Saturday, February 28, 2015

Up or Down?

In 2012 the landmarked McGovern Weir Greenhouse, at Fifth and 25th, was purchased by Greenwood Cemetery, for use as a Visitors' Center.  The greenhouse was in a serious state of disrepair, and needed extensive renovations, but after the purchase the greenhouse was forced to brave the elements for a couple more years without any protection whatsoever.  Its decline continued.  In early 2014, however, an article in the Brooklyn Spectator outlined the cemetery's restoration plans.  At that time the projected completion date for the project was mid-2015.  Plans included the demolition of two wooden buildings adjacent to the greenhouse, which were said to compromise its structural integrity.

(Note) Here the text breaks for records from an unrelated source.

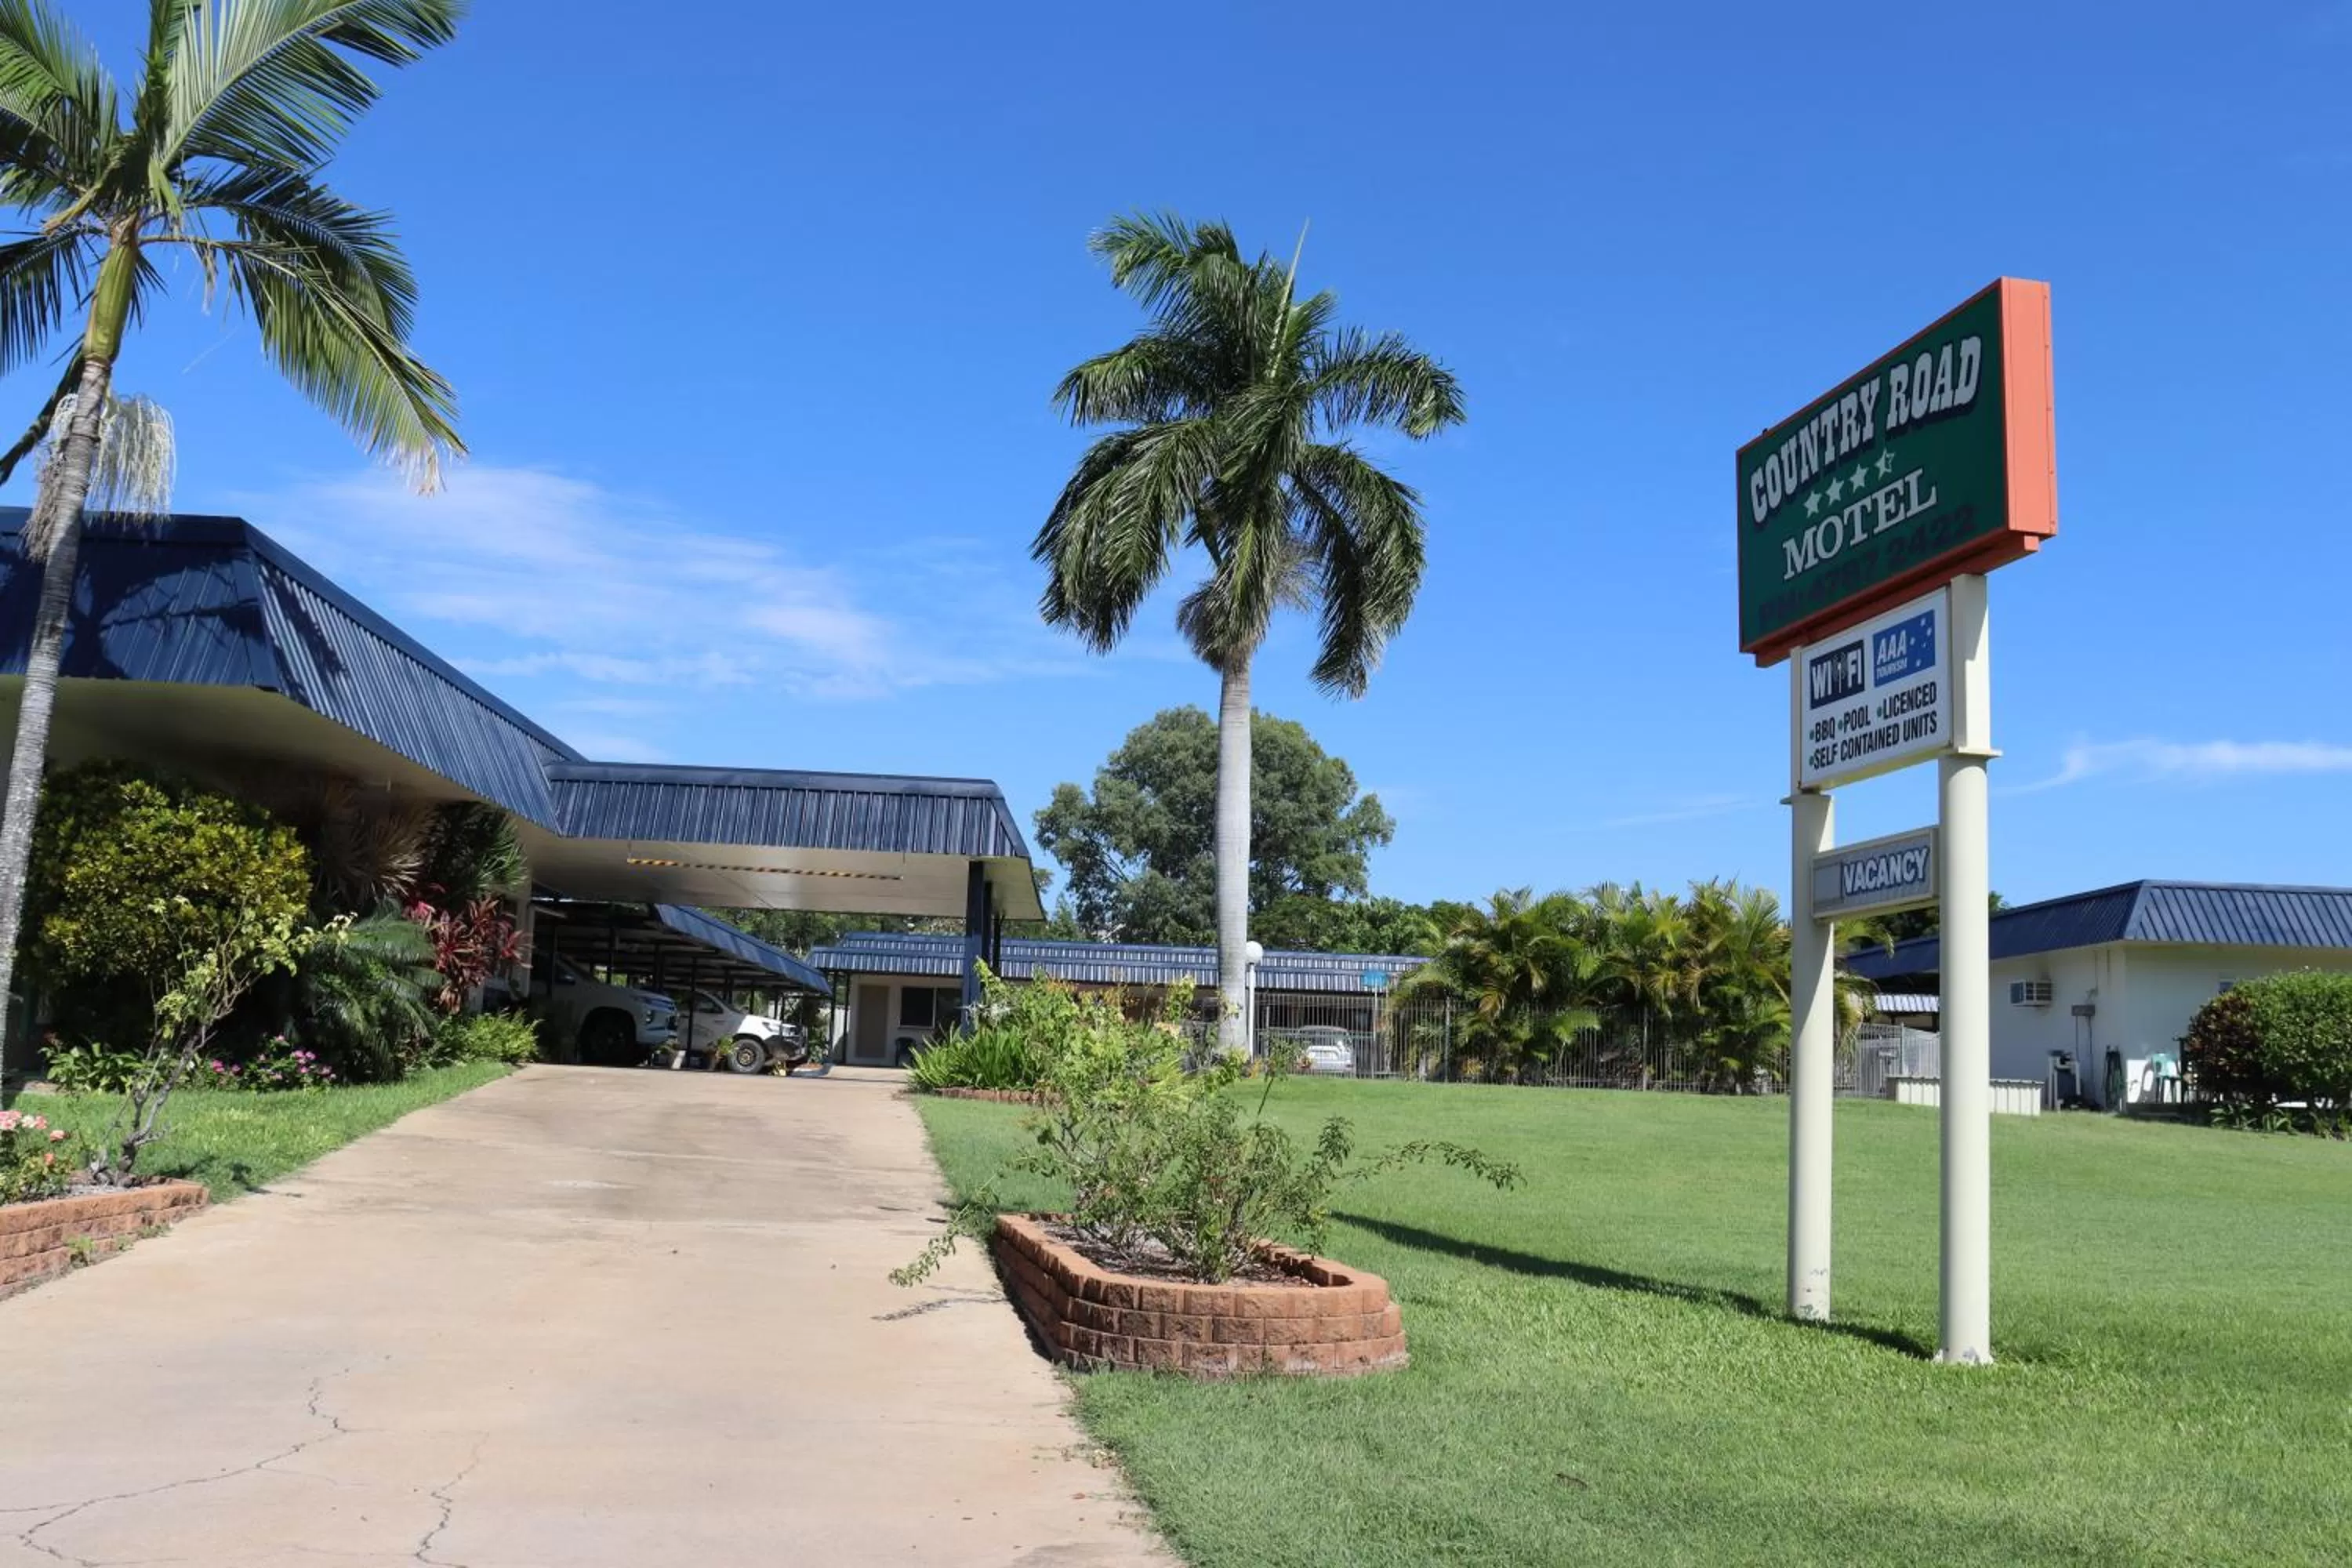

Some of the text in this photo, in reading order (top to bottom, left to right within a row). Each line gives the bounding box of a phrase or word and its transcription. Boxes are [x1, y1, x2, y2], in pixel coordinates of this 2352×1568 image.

[1750, 336, 1982, 524] COUNTRY ROAD
[1782, 468, 1938, 581] MOTEL
[1876, 630, 1907, 665] AAA
[1882, 681, 1937, 720] LICENCED
[1813, 710, 1937, 770] SELF CONTAINED UNITS
[1843, 845, 1929, 895] VACANCY

While HDC and CB7 expressed delight at the restoration plans, they also expressed concern over demolishing buildings of around the same age as the greenhouse.
We have concerns. . . about approving the demolition of neighboring structures before a plan for replacement is presented and approved,” wrote HDC. “After all, even no-style buildings in historic districts cannot be demolished without Commission-approved replacement buildings.
Are the conditions of the additions so dire that stabilization is not an option?That way, the structures could potentially be reused in future plans, plans which are still being drafted,” HDC continued. 
CB7's Land Use Committee and full board unanimously voted in favor of Green-Wood’s plans to stabilize and restore the property. However, according to committee chairperson John Fontillas, the panel’s support was given “with the understanding that we’ll see the design draft” once it is ready, and that the primary focus of restoration should be on the greenhouse itself before the neighboring buildings.
According to Colleen Roche, a spokesperson for Green-Wood, everyone can rest assured that “the Green-Wood team is working closely with the Landmarks Preservation Commission to ensure that its strict requirements are met.

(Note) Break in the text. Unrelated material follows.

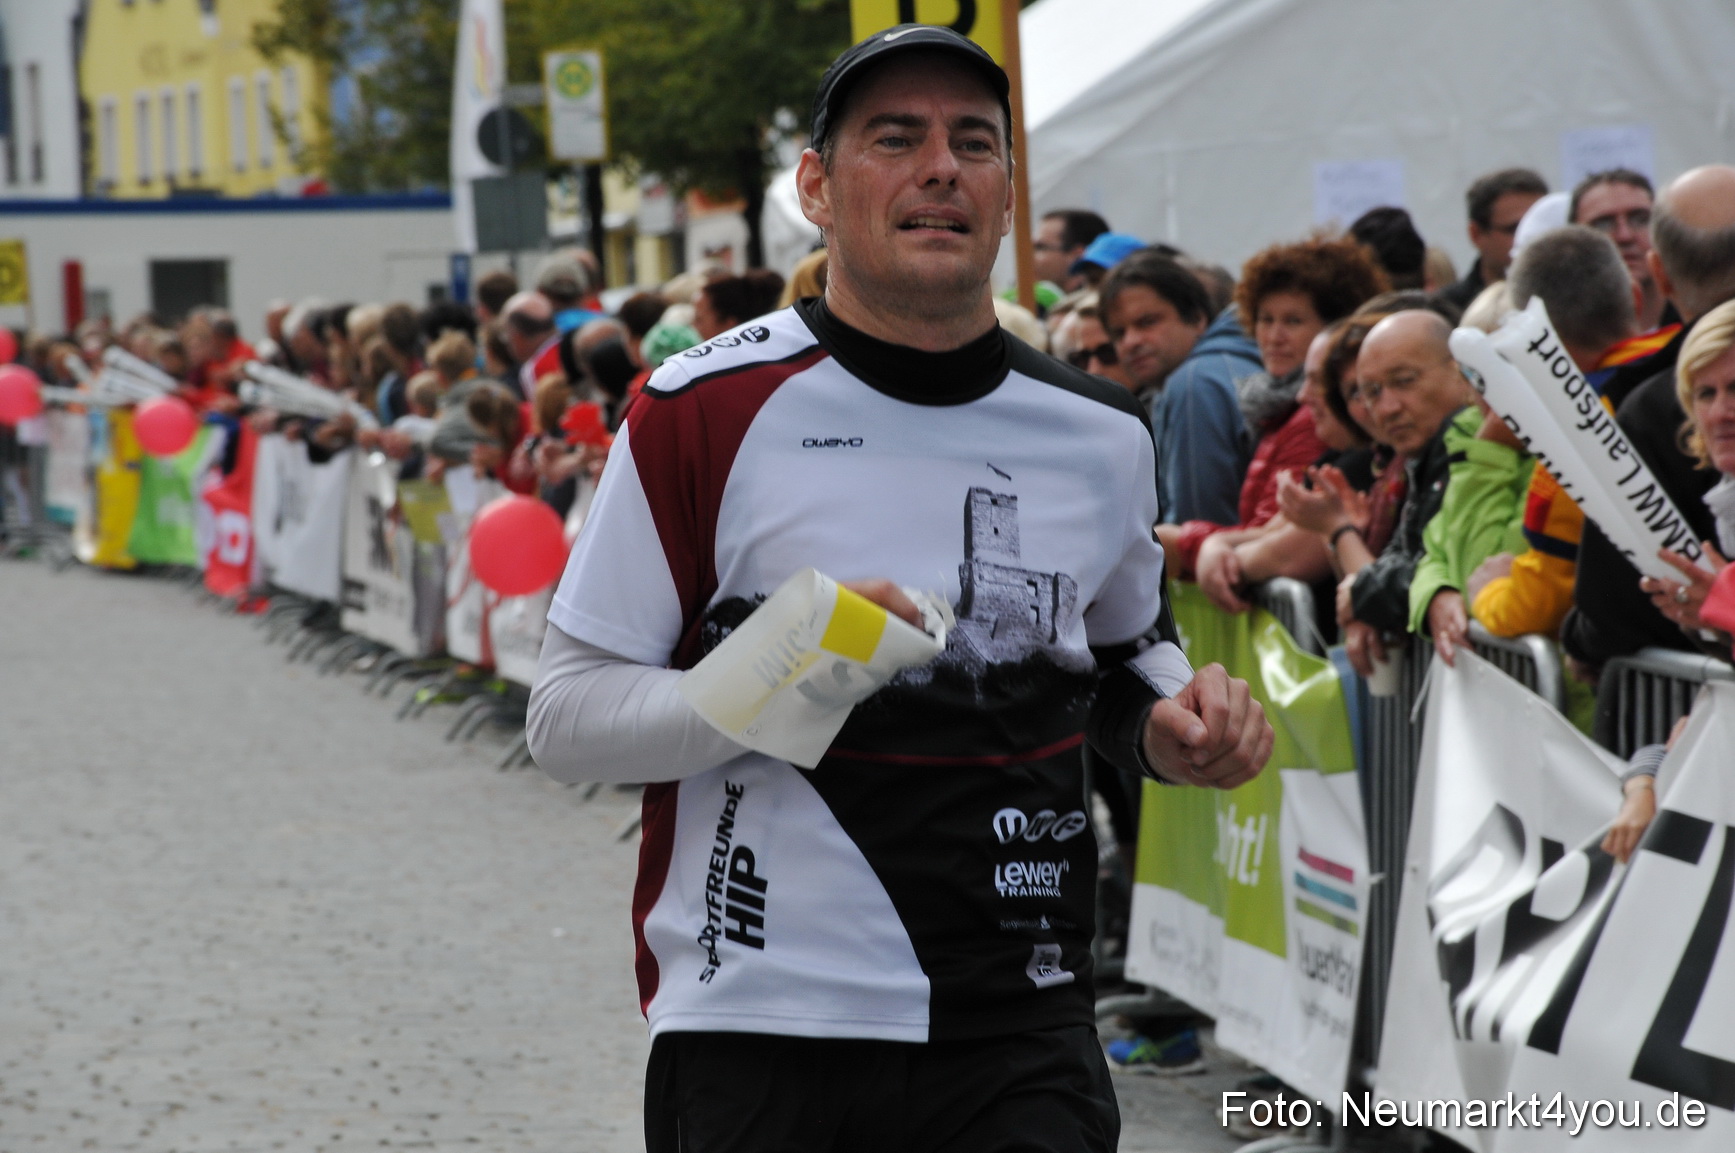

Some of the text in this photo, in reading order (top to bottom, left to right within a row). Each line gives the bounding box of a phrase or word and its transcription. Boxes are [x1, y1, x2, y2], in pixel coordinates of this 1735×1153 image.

Renovation work finally began towards the end of '14, along with a new projected completion date of 2016.  It certainly looks like this will be a slow & complicated process.  The buildings slated for demolition have remained standing, and I'd assumed they had been reprieved, but I noticed recently that a permit was submitted in December for the take-down of a "two story structure." Is this the corniced building seen below?  

Here's another shot, from 2011.

If this is the structure in question, is it worth saving?  I think its simple shape complements the ornate design of the greenhouse very nicely.  They look good together.

We'll keep an eye on that permit application.


Fifth & 25th (January '14)
Fifth & 25th (August '14)
Revealed and Hidden on Fifth (January '15)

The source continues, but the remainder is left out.